Copy out, exactly as written, only the line containing "Some of the words" and the lines after it through the end of the records.
[Record set Boundary: Start]
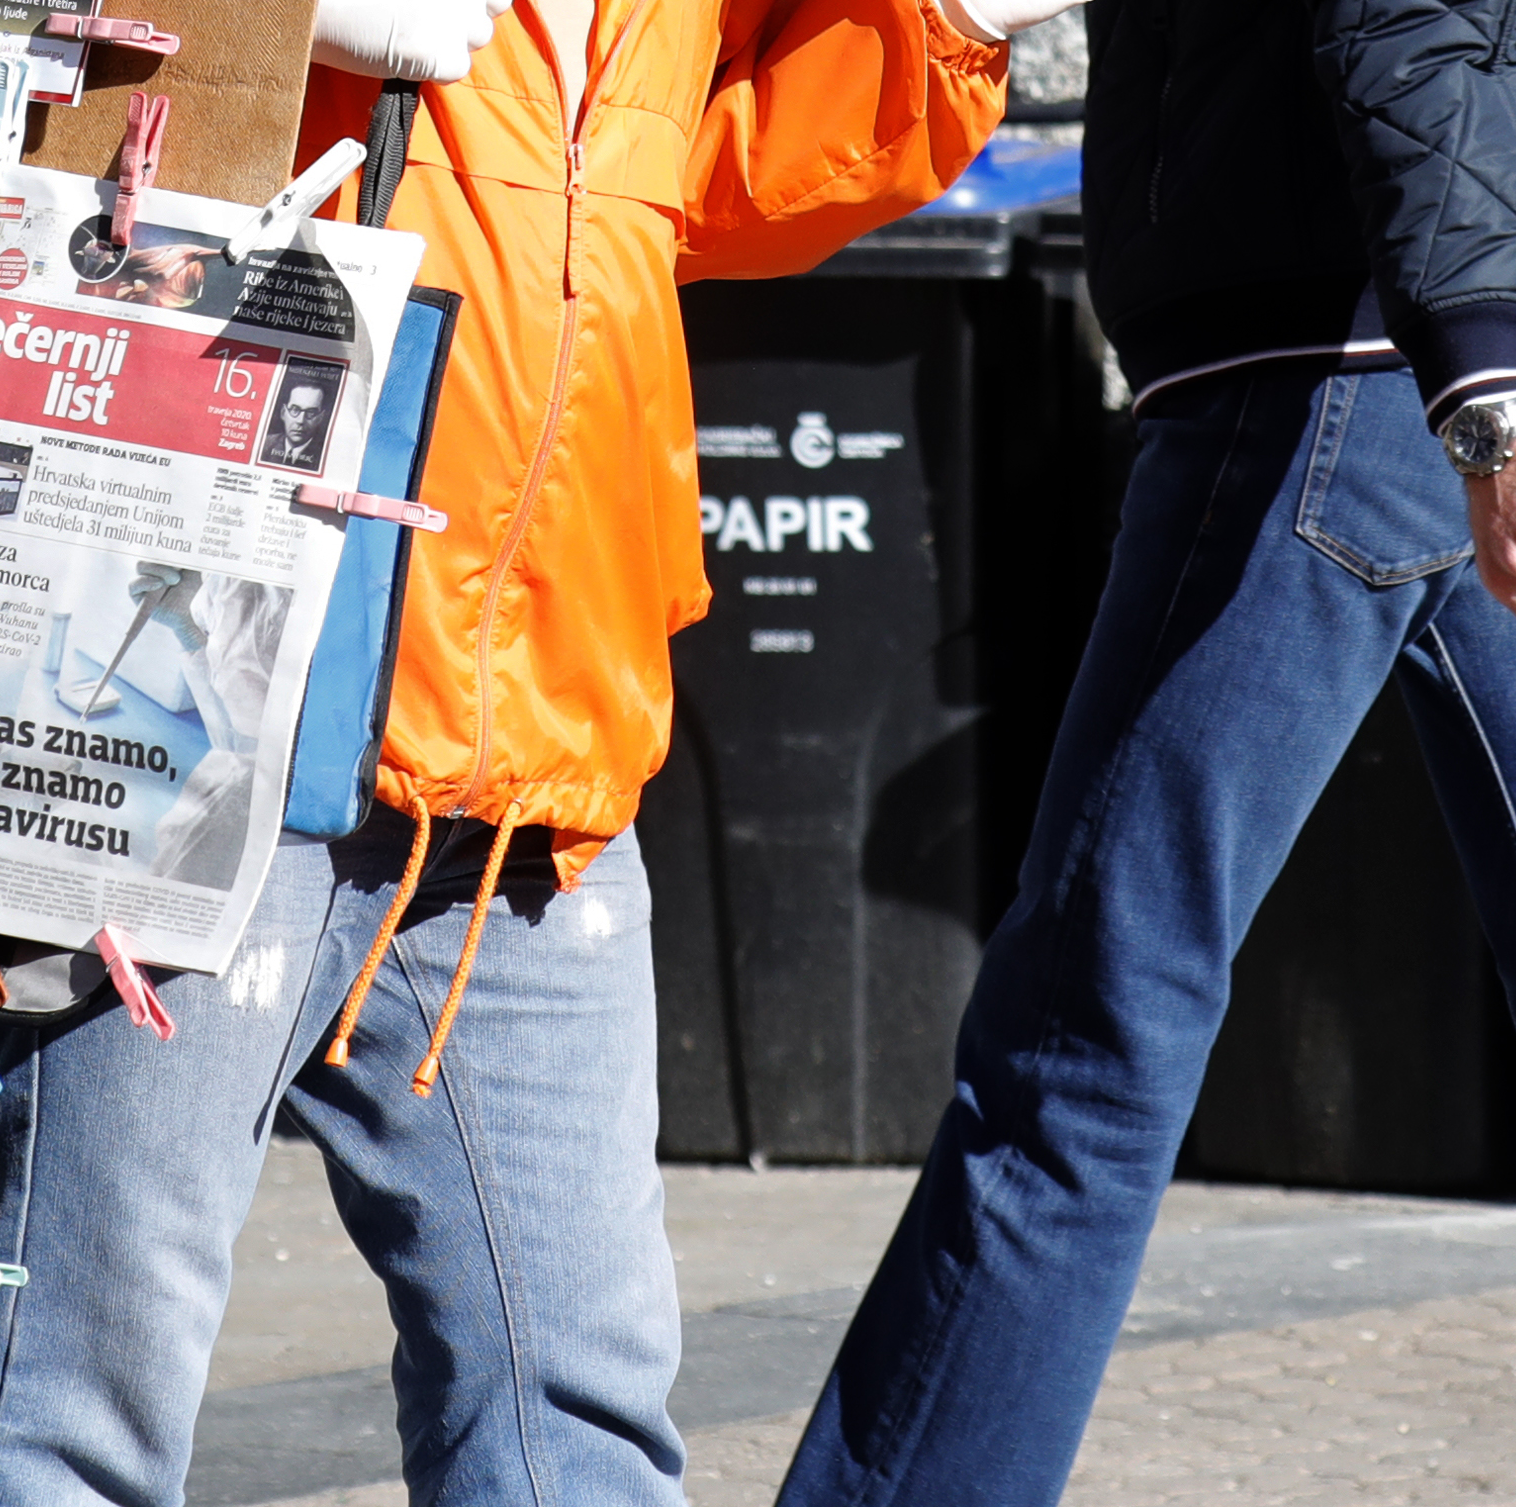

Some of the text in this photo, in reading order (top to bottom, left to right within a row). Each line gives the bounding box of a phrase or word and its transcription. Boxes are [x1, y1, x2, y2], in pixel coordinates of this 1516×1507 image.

[214, 347, 259, 400] 16.
[42, 371, 115, 426] list
[208, 406, 232, 417] travnja
[40, 436, 171, 467] NOVE METODE RADA VIJEĆA EU
[218, 439, 245, 450] Zagreb
[231, 430, 248, 441] kuna
[33, 465, 172, 505] Hrvatska virtualnim
[23, 509, 191, 553] uštedjela 31 milijun kuna
[27, 490, 184, 530] predsjedanjem Unijom
[700, 494, 873, 552] PAPIR
[43, 724, 177, 782] znamo,
[2, 762, 125, 809] znamo
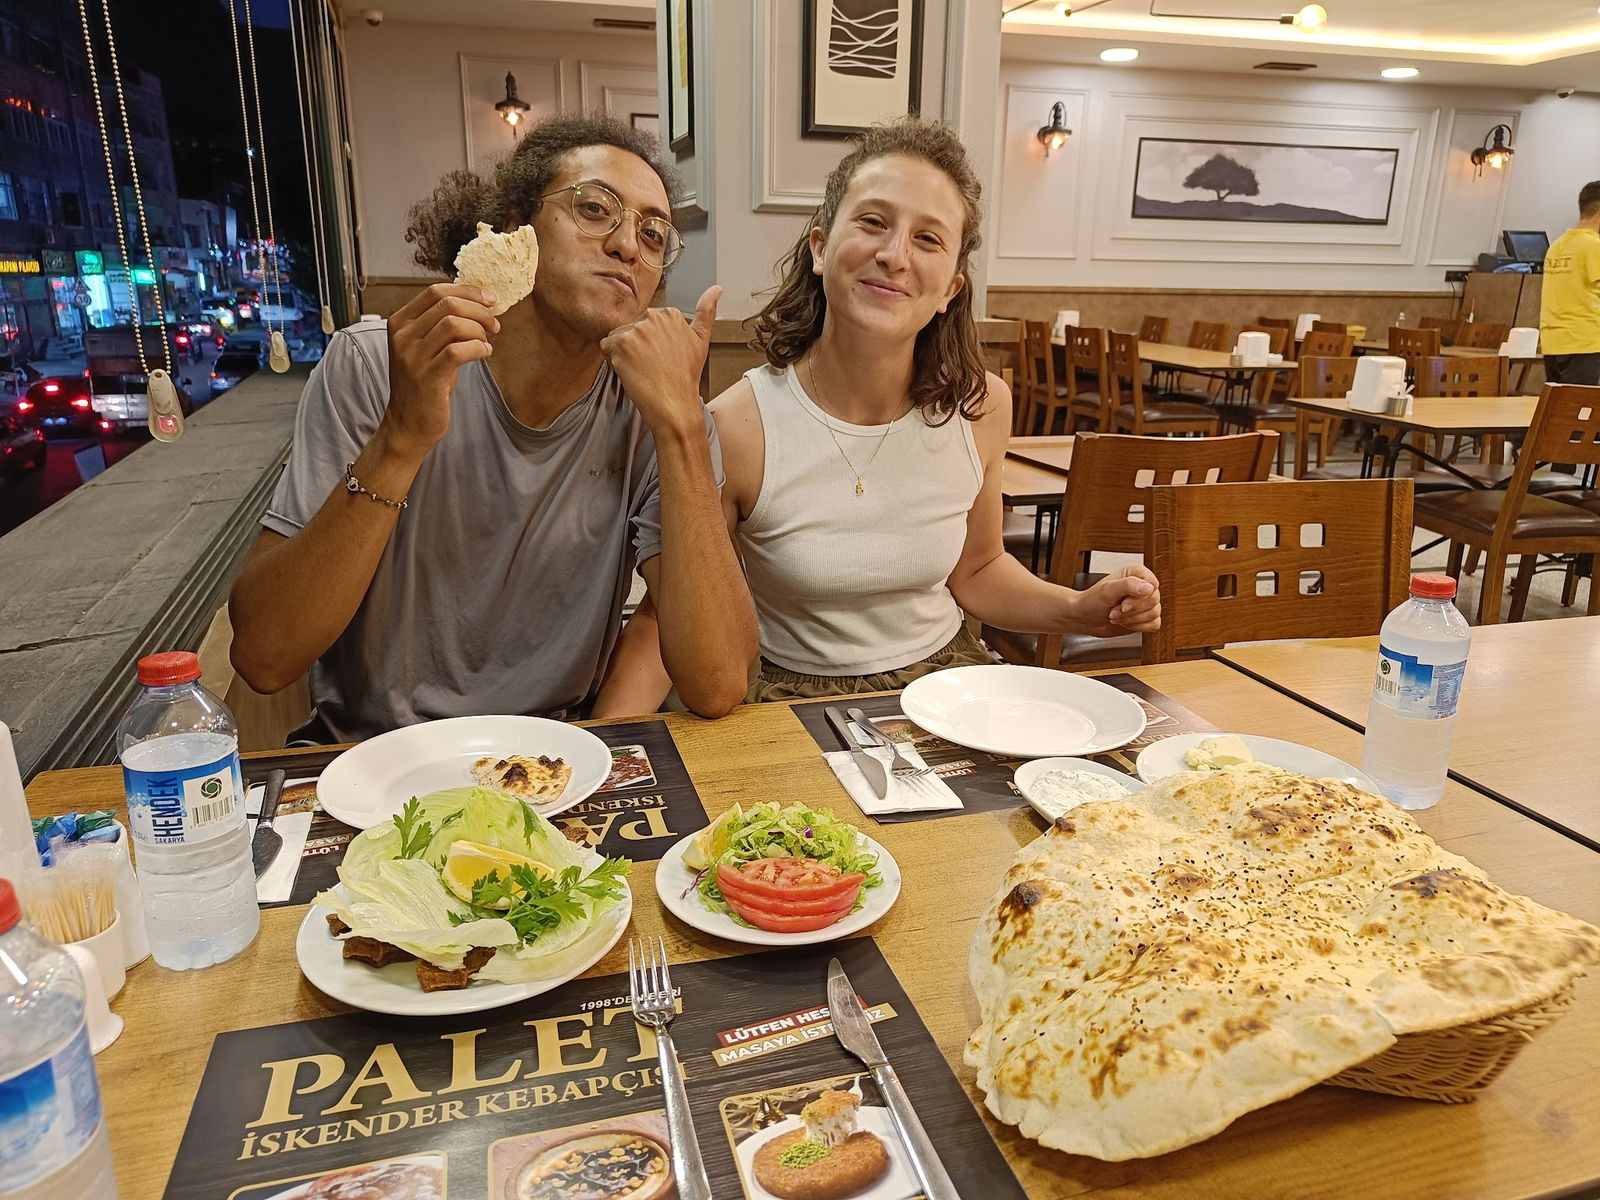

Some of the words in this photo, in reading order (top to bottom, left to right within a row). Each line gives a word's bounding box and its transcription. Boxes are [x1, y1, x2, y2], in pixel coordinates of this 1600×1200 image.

[146, 776, 184, 837] HENDEK
[567, 795, 666, 813] İSKEND
[154, 836, 185, 845] SAKARYA
[300, 845, 339, 857] LÜTF
[304, 835, 350, 847] MASA
[724, 1016, 795, 1044] LÜTFEN
[797, 1006, 831, 1024] HES
[245, 997, 682, 1129] PALET
[719, 1033, 800, 1063] MASAYA
[236, 1101, 472, 1161] İSKENDER
[Record set Boundary: End]
» **Completed exercise**:
Some of the words in this photo, in reading order (top to bottom, left to right within a row). Each line gives a word's bounding box and its transcription. Boxes are [x1, y1, x2, y2], in pixel coordinates of this 1600×1200 image.

[146, 776, 184, 837] HENDEK
[567, 795, 666, 813] İSKEND
[154, 836, 185, 845] SAKARYA
[300, 845, 339, 857] LÜTF
[304, 835, 350, 847] MASA
[724, 1016, 795, 1044] LÜTFEN
[797, 1006, 831, 1024] HES
[245, 997, 682, 1129] PALET
[719, 1033, 800, 1063] MASAYA
[236, 1101, 472, 1161] İSKENDER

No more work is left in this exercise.